- Given information
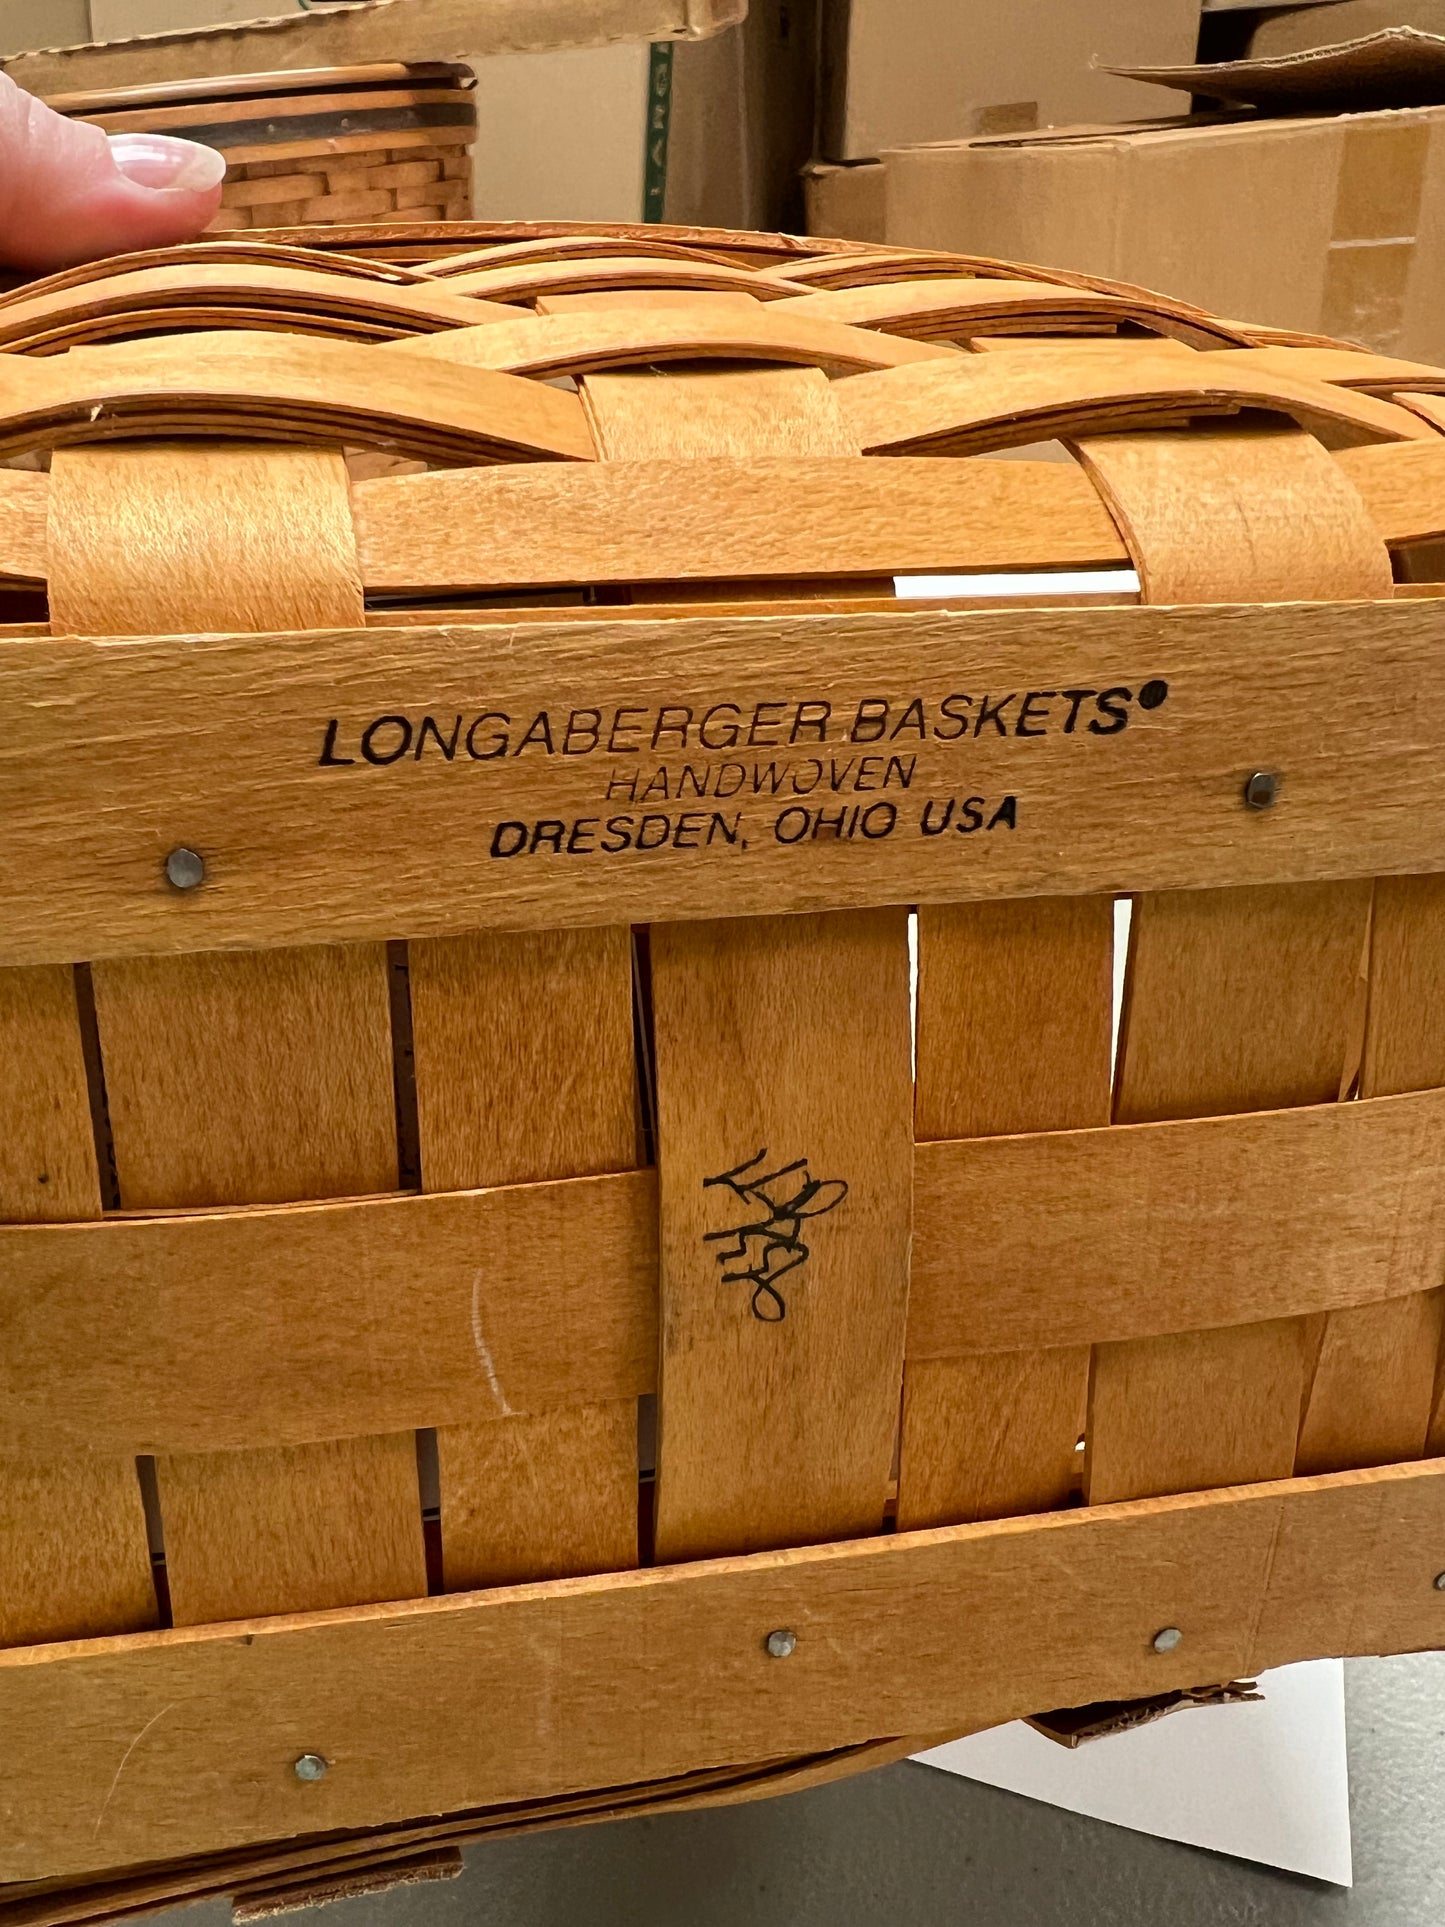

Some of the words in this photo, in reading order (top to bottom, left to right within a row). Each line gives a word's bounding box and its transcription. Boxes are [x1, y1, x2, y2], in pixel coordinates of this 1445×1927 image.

[318, 700, 832, 766] LONGABERGER
[605, 753, 918, 801] HANDWOVEN
[490, 811, 748, 858] DRESDEN,
[774, 801, 898, 844] OHIO
[920, 795, 1018, 837] USA

- About this exercise
Repeat every record above exactly, but drop the pictures.

- Response below
Some of the words in this photo, in reading order (top to bottom, left to right within a row). Each line gives a word's bounding box and its transcription. Boxes are [x1, y1, x2, y2], in pixel coordinates of this 1445×1927 image.

[318, 700, 832, 766] LONGABERGER
[605, 753, 918, 801] HANDWOVEN
[490, 811, 748, 858] DRESDEN,
[774, 801, 898, 844] OHIO
[920, 795, 1018, 837] USA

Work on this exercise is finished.